----- DATA LISTING

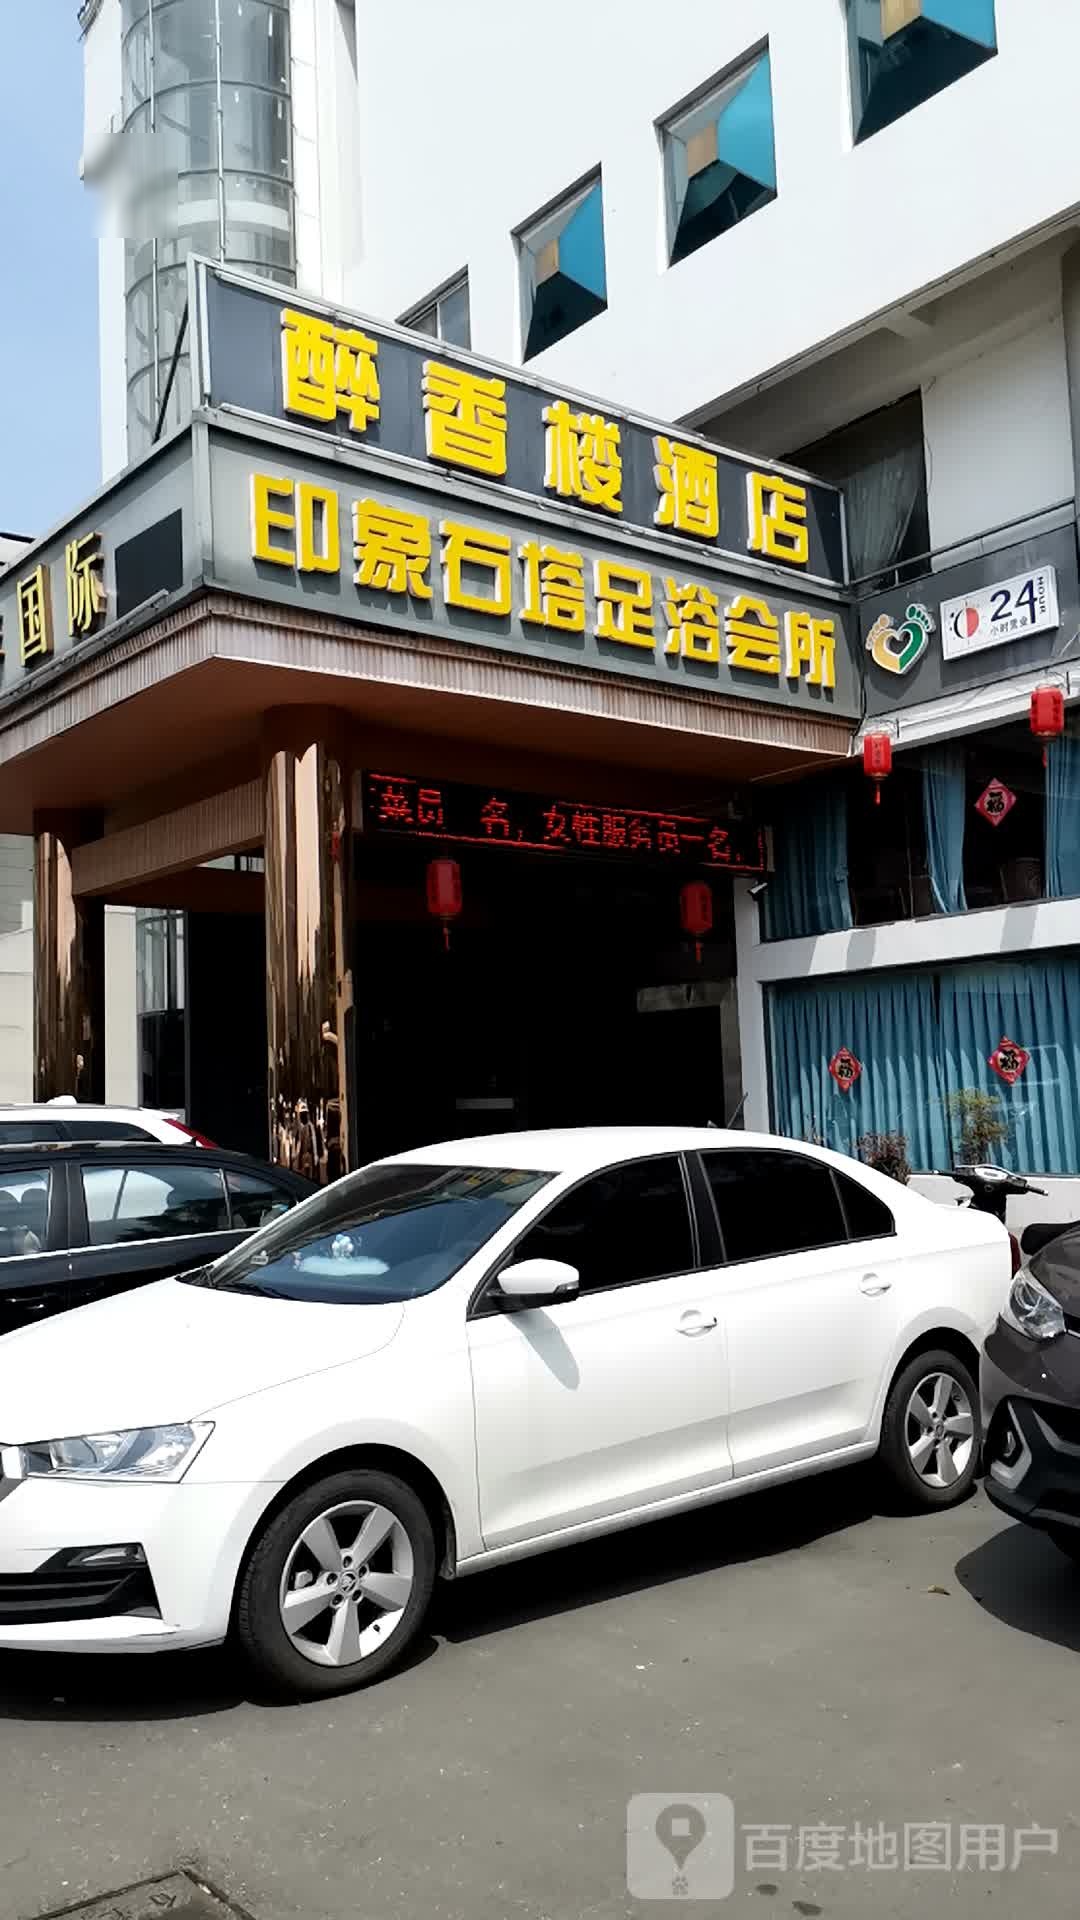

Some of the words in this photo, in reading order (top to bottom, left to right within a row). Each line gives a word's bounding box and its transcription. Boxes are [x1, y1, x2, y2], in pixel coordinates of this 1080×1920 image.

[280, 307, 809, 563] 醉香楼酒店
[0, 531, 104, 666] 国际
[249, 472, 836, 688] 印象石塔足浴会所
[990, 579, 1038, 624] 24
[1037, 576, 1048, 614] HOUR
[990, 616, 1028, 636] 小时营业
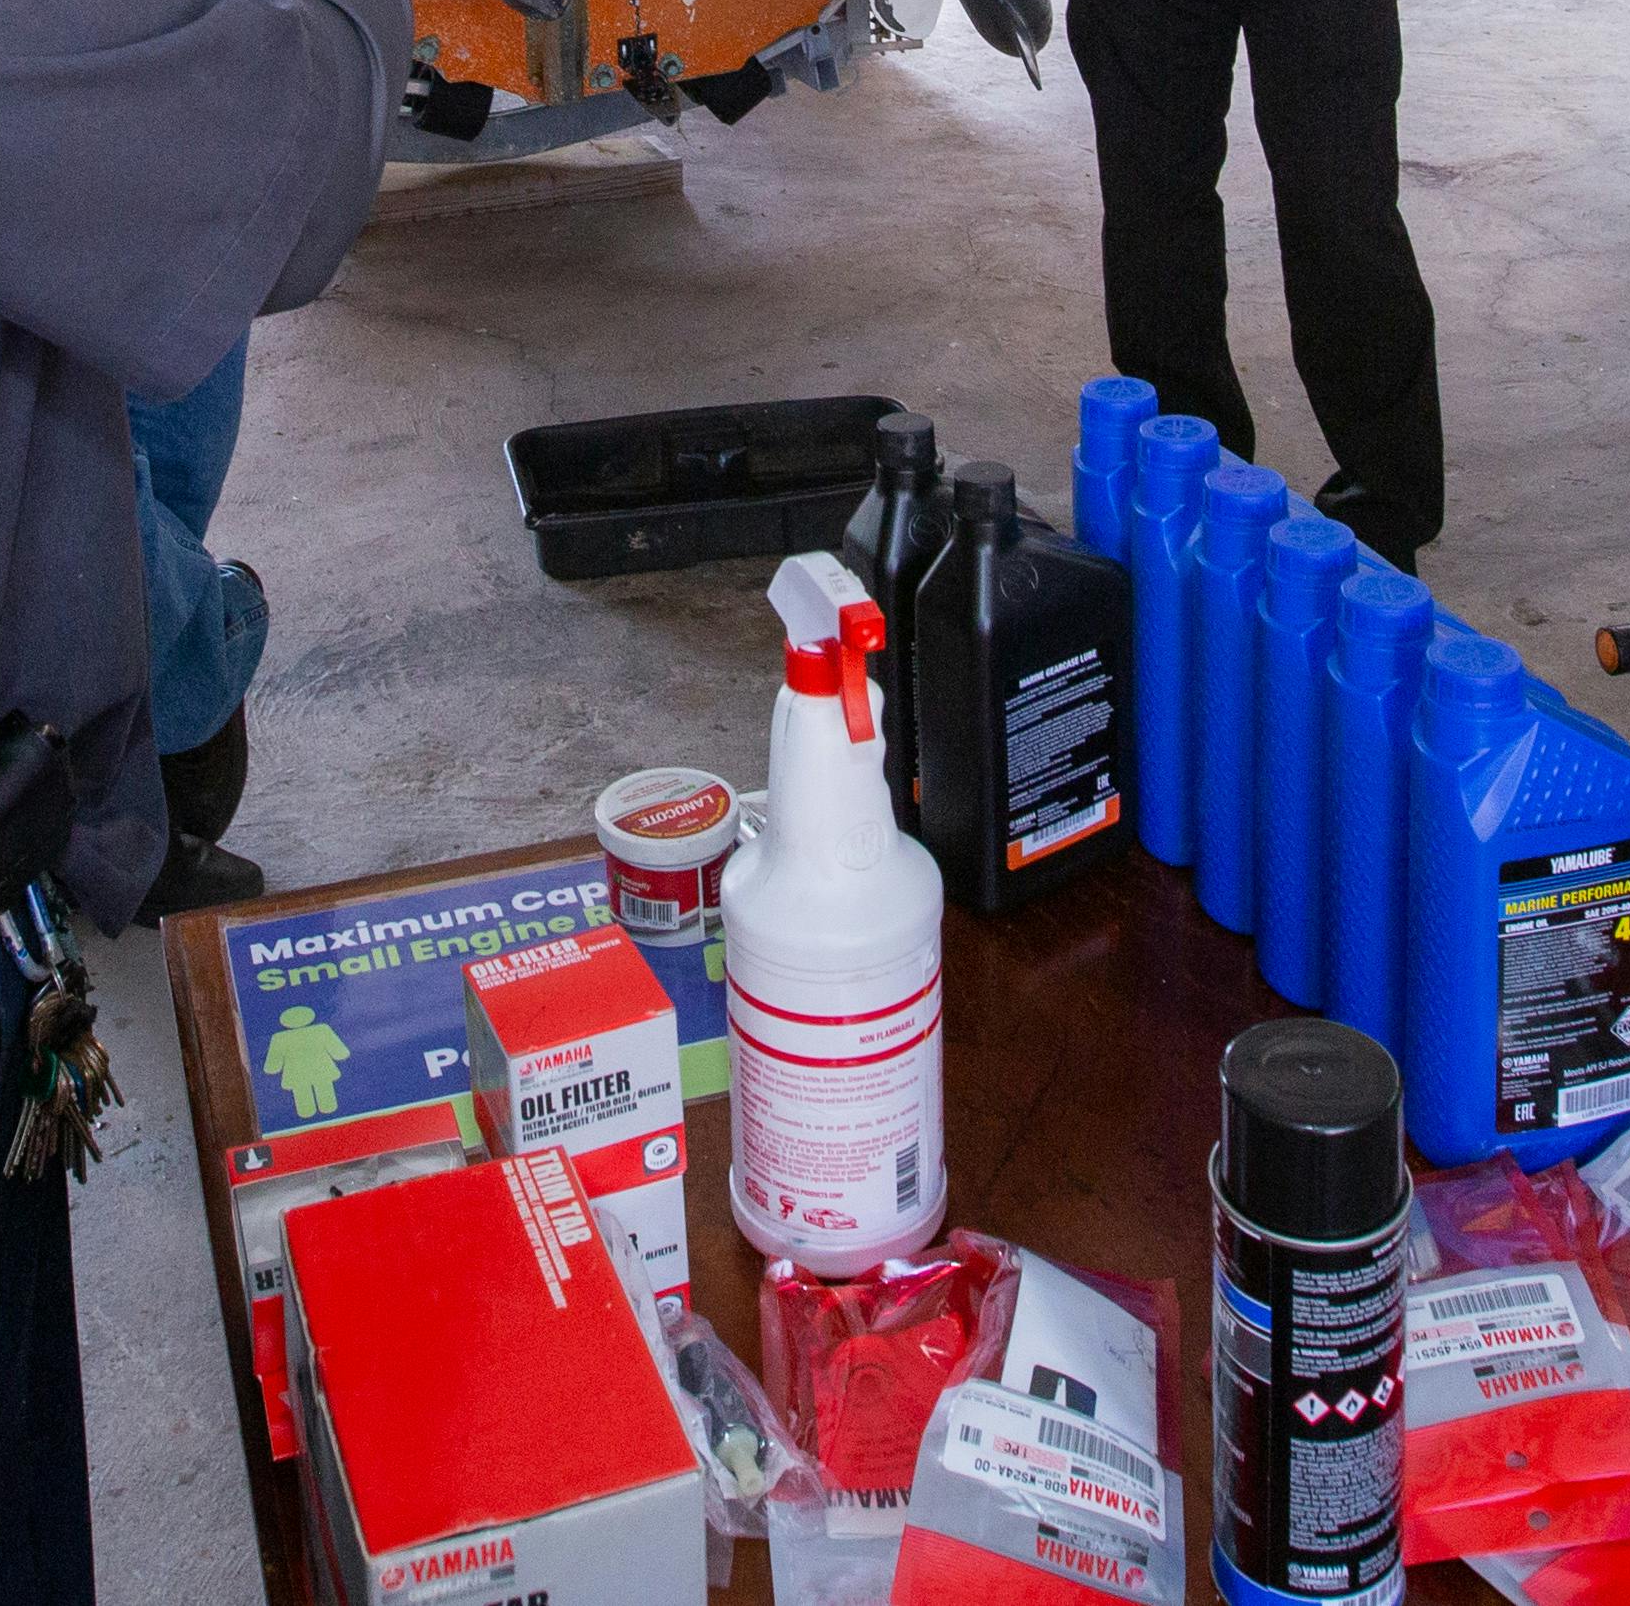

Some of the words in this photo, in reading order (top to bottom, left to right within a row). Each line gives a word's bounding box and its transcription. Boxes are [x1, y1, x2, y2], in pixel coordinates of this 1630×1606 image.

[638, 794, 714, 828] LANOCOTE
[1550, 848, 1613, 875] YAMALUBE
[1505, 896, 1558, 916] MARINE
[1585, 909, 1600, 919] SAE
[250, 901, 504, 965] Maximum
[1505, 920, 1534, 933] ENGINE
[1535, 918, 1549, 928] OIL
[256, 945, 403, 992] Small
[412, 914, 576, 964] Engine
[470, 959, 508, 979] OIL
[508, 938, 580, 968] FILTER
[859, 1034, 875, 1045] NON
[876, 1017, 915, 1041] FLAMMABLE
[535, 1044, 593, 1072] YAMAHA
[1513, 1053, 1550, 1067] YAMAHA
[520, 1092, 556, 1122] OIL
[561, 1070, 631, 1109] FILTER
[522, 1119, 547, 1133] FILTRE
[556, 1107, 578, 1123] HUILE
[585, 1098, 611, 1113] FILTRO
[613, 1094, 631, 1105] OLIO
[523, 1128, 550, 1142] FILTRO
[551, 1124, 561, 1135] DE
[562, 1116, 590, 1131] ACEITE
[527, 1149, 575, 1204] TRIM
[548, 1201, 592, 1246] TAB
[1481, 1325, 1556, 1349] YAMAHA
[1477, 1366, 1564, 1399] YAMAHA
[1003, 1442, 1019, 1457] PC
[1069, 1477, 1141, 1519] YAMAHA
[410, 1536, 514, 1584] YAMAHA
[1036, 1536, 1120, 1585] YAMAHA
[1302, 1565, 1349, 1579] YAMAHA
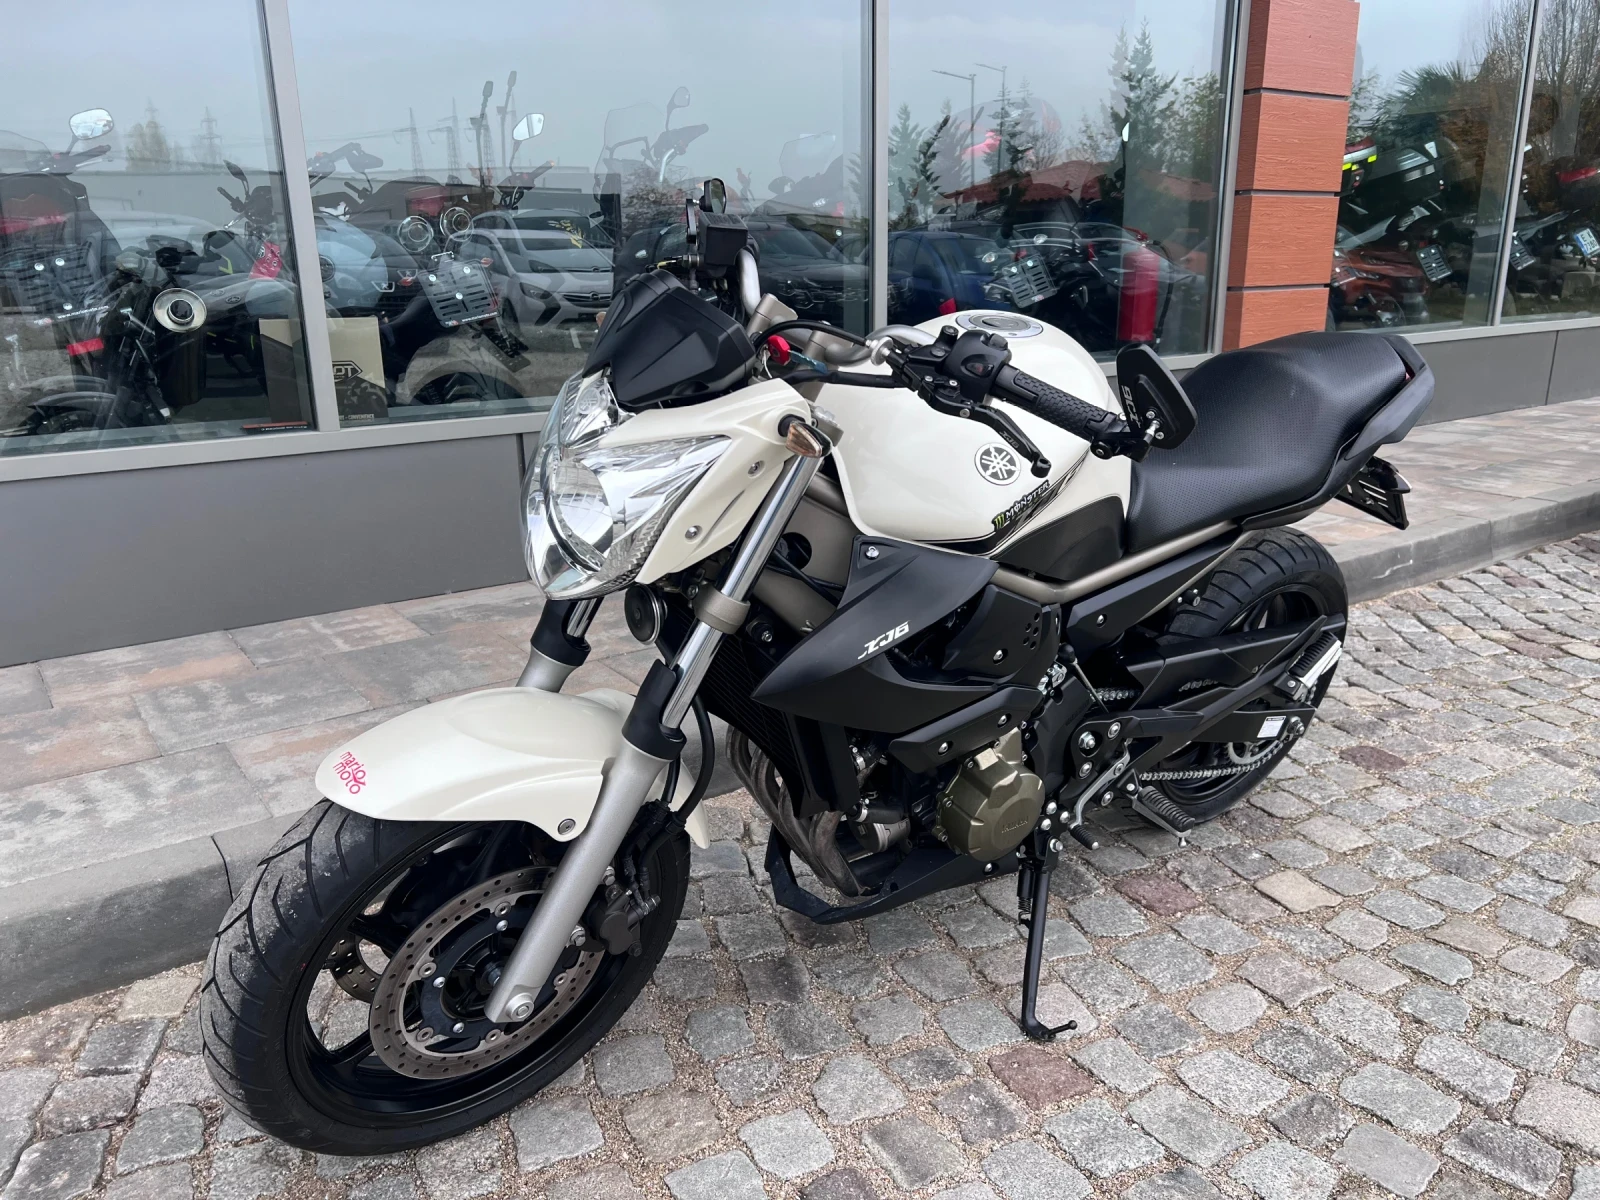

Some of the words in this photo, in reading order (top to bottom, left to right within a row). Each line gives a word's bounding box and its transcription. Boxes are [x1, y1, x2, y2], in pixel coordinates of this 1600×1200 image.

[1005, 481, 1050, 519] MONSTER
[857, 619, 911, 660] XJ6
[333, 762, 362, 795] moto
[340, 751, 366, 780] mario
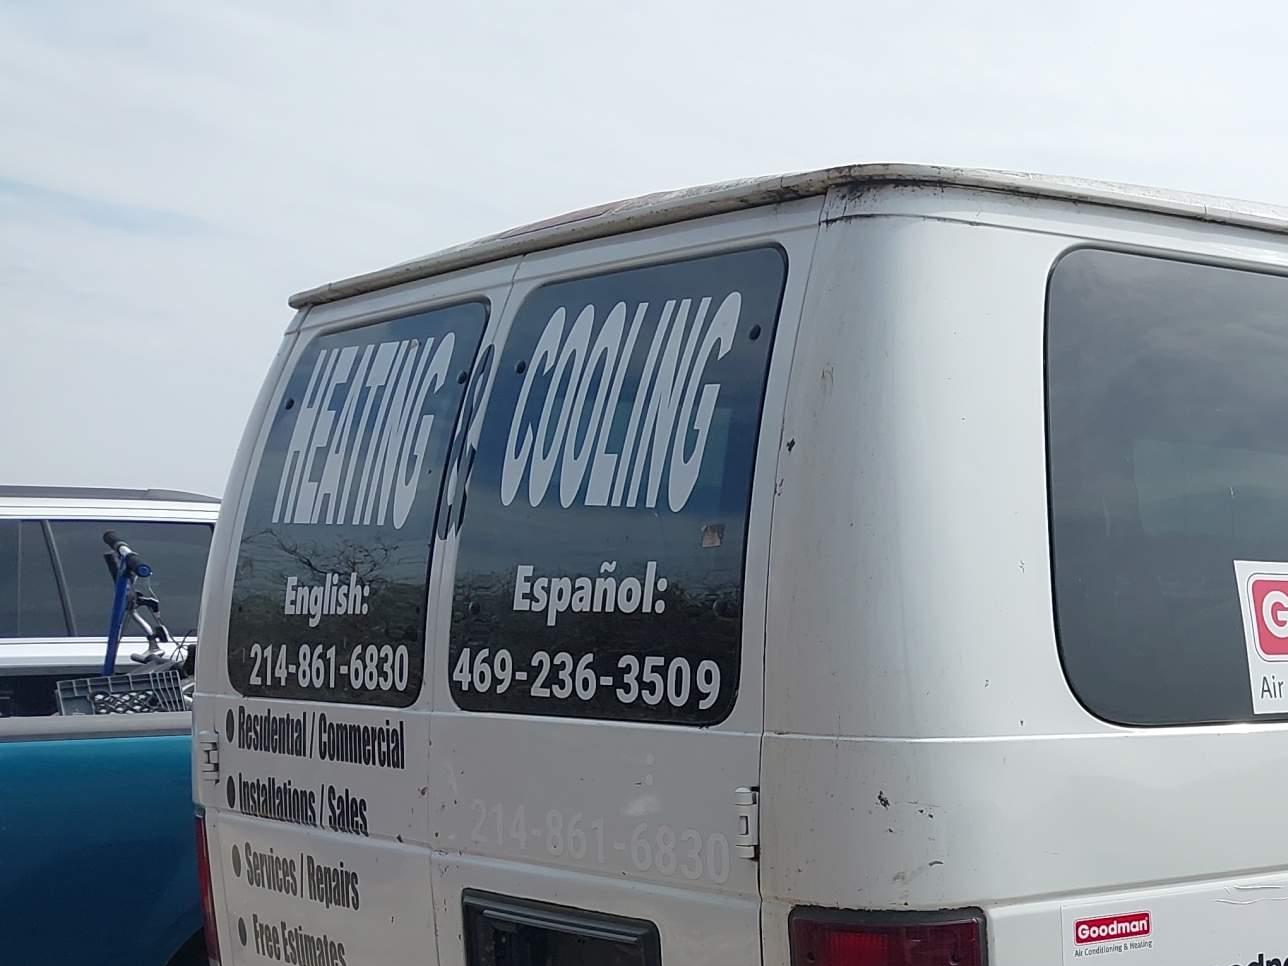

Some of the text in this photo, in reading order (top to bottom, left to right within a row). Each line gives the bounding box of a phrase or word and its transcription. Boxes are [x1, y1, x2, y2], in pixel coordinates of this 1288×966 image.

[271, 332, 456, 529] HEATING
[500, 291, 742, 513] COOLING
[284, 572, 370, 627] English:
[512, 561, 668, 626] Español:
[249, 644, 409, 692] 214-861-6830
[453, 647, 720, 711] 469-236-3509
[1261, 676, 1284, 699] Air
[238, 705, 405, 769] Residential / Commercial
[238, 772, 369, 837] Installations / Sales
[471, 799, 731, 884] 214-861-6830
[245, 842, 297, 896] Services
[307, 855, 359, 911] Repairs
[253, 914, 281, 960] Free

----------

#### WHAT THE TASK REQUIRES
Reproduce every entry above in full and exactly, though not its pictures.

#### EXERCISE SOLUTION
Some of the words in this photo, in reading order (top to bottom, left to right within a row). Each line gives a word's bounding box and its transcription. Boxes are [x1, y1, x2, y2], in pixel coordinates of this 1080×1920 image.

[280, 307, 809, 563] 醉香楼酒店
[0, 531, 104, 666] 国际
[249, 472, 836, 688] 印象石塔足浴会所
[990, 579, 1038, 624] 24
[1037, 576, 1048, 614] HOUR
[990, 616, 1028, 636] 小时营业

Some of the words in this photo, in reading order (top to bottom, left to right within a row). Each line gives a word's bounding box and its transcription. Boxes are [x1, y1, x2, y2], in pixel coordinates of this 1630×1606 image.

[638, 794, 714, 828] LANOCOTE
[1550, 848, 1613, 875] YAMALUBE
[1505, 896, 1558, 916] MARINE
[1585, 909, 1600, 919] SAE
[250, 901, 504, 965] Maximum
[1505, 920, 1534, 933] ENGINE
[1535, 918, 1549, 928] OIL
[256, 945, 403, 992] Small
[412, 914, 576, 964] Engine
[470, 959, 508, 979] OIL
[508, 938, 580, 968] FILTER
[859, 1034, 875, 1045] NON
[876, 1017, 915, 1041] FLAMMABLE
[535, 1044, 593, 1072] YAMAHA
[1513, 1053, 1550, 1067] YAMAHA
[520, 1092, 556, 1122] OIL
[561, 1070, 631, 1109] FILTER
[522, 1119, 547, 1133] FILTRE
[556, 1107, 578, 1123] HUILE
[585, 1098, 611, 1113] FILTRO
[613, 1094, 631, 1105] OLIO
[523, 1128, 550, 1142] FILTRO
[551, 1124, 561, 1135] DE
[562, 1116, 590, 1131] ACEITE
[527, 1149, 575, 1204] TRIM
[548, 1201, 592, 1246] TAB
[1481, 1325, 1556, 1349] YAMAHA
[1477, 1366, 1564, 1399] YAMAHA
[1003, 1442, 1019, 1457] PC
[1069, 1477, 1141, 1519] YAMAHA
[410, 1536, 514, 1584] YAMAHA
[1036, 1536, 1120, 1585] YAMAHA
[1302, 1565, 1349, 1579] YAMAHA

Some of the words in this photo, in reading order (top to bottom, left to right within a row). Each line gives a word's bounding box and its transcription. Boxes are [x1, y1, x2, y2], in pixel coordinates of this 1600×1200 image.

[1005, 481, 1050, 519] MONSTER
[857, 619, 911, 660] XJ6
[333, 762, 362, 795] moto
[340, 751, 366, 780] mario

Some of the text in this photo, in reading order (top to bottom, left to right within a row). Each line gives the bounding box of a phrase or word and its transcription. Boxes are [x1, y1, x2, y2], in pixel coordinates of this 1288×966 image.

[271, 332, 456, 529] HEATING
[500, 291, 742, 513] COOLING
[284, 572, 370, 627] English:
[512, 561, 668, 626] Español:
[249, 644, 409, 692] 214-861-6830
[453, 647, 720, 711] 469-236-3509
[1261, 676, 1284, 699] Air
[238, 705, 405, 769] Residential / Commercial
[238, 772, 369, 837] Installations / Sales
[471, 799, 731, 884] 214-861-6830
[245, 842, 297, 896] Services
[307, 855, 359, 911] Repairs
[253, 914, 281, 960] Free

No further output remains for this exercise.